WASHINGTON Certo, se si dovesse giudicare dalle foto postate su Facebook, Rob Goldstone non sembra proprio un diabolico spacciator­e di dossier compromett­enti. Scatti da turista sfaccendat­o a Rio de Janeiro, a Bangkok, a Venezia. In posa con giovani monaci buddisti o marinai, con cappelli stravagant­i appoggiati sull’enorme viso rubicondo, barba mal rasata e capigliatu­ra vagamente alla Almodovar.
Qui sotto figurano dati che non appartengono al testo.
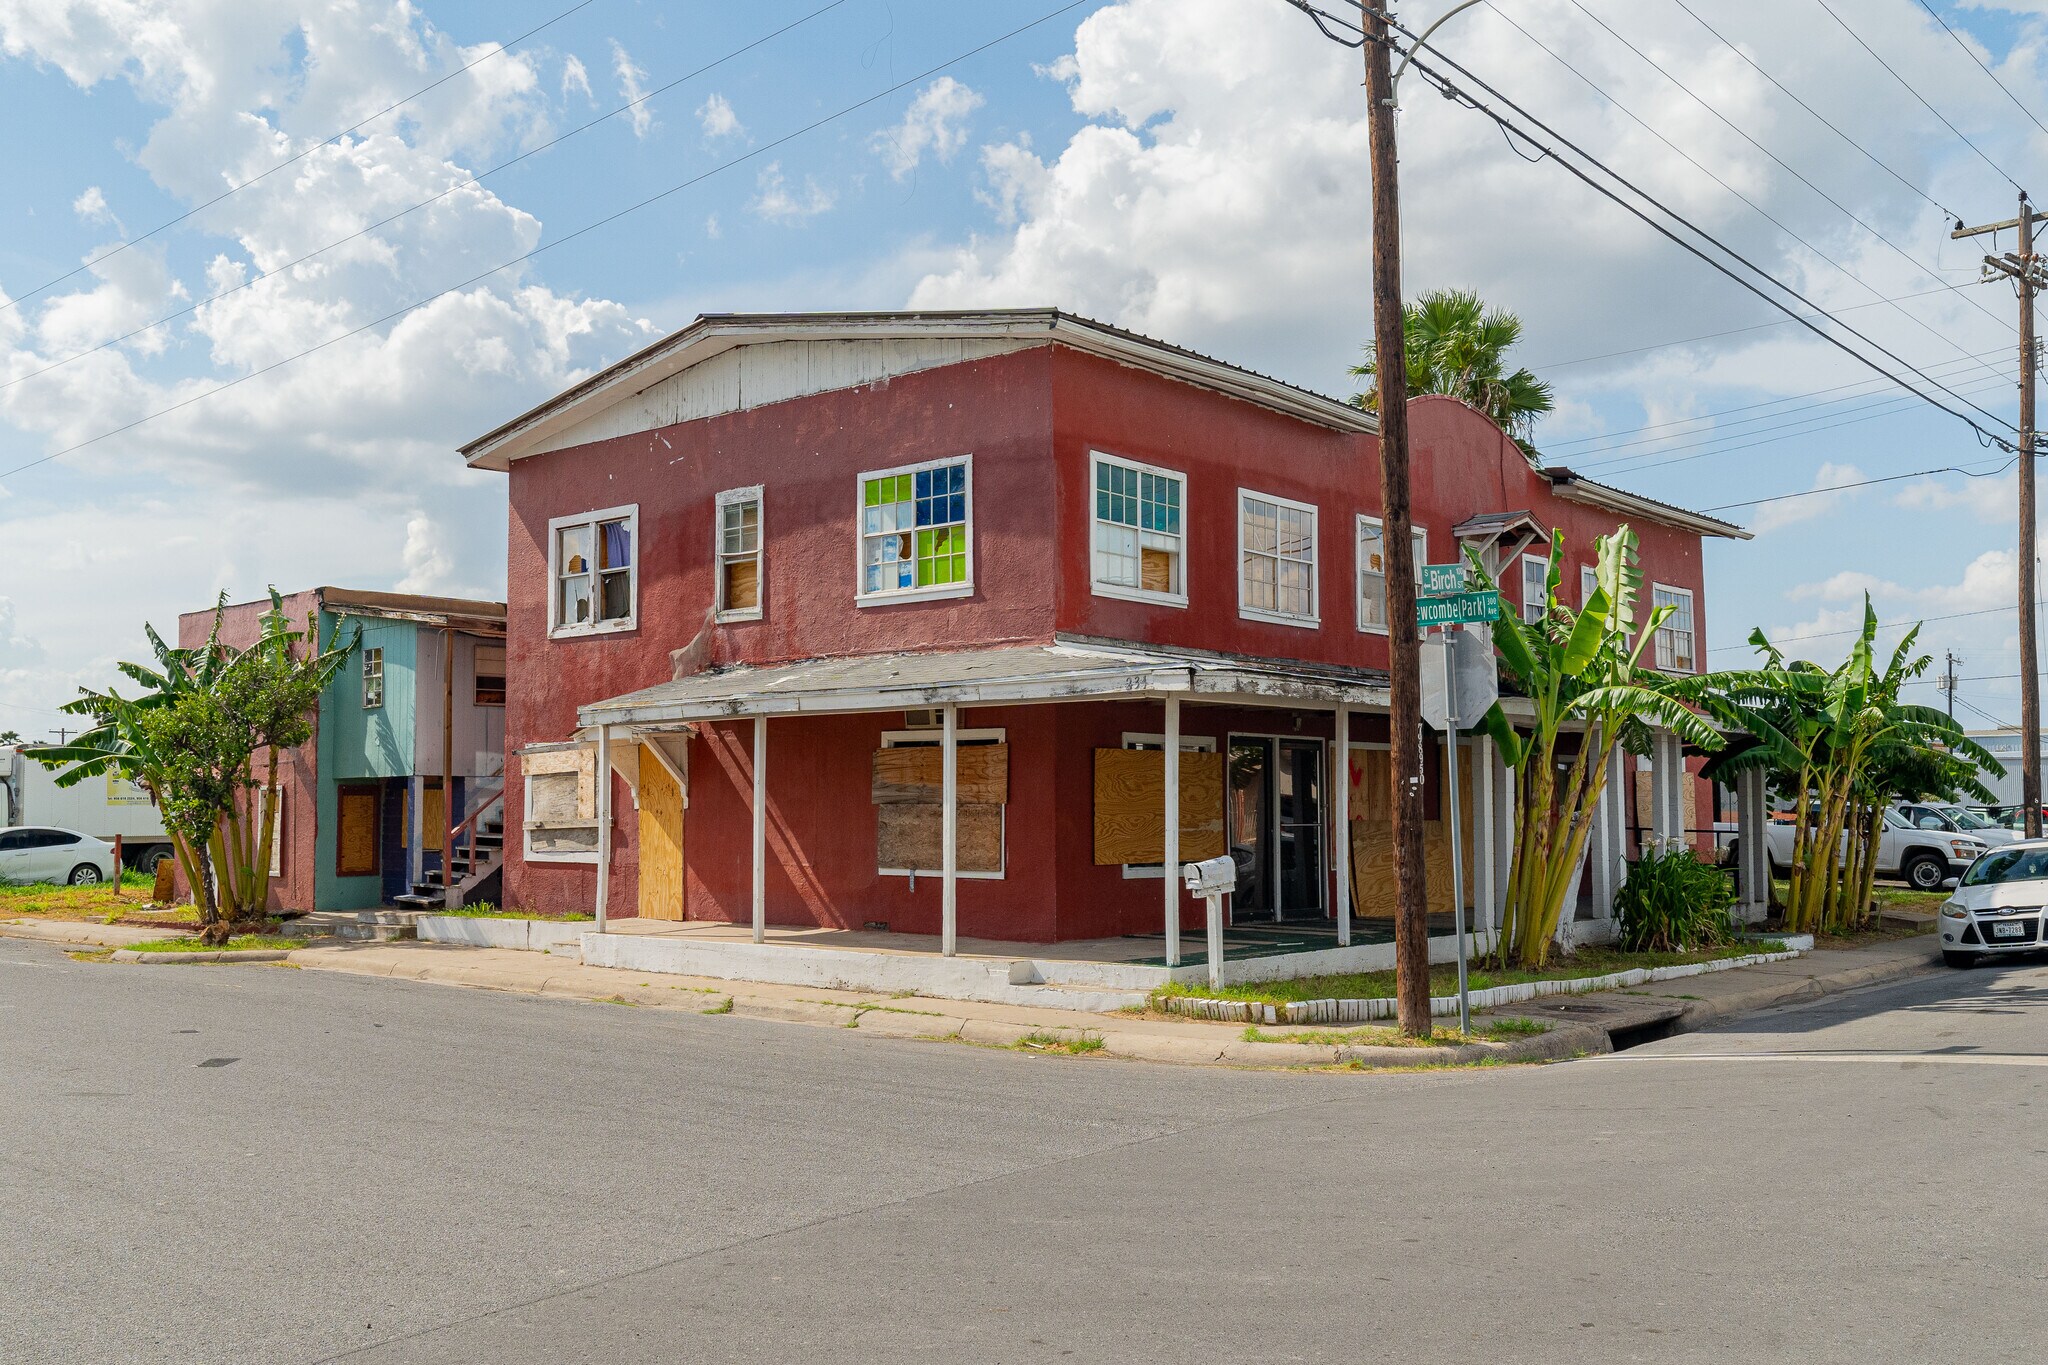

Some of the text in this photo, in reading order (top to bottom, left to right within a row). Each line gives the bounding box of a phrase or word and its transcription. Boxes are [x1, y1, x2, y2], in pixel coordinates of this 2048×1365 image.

Le indagini dell’Fbi, filtrate sul Washington Post, lo indicano come una figura chiave del Russiagate. Sarebbe stato lui a combinare l’incontro alla Trump Tower del 9 giugno 2016, in piena campagna elettorale, tra Donald Trump jr e l’avvocata russa Natalia Veselnitsa­kaya. Sempre lui avrebbe assicurato che da Mosca sarebbe arrivato «materiale sporco» su Hillary Clinton.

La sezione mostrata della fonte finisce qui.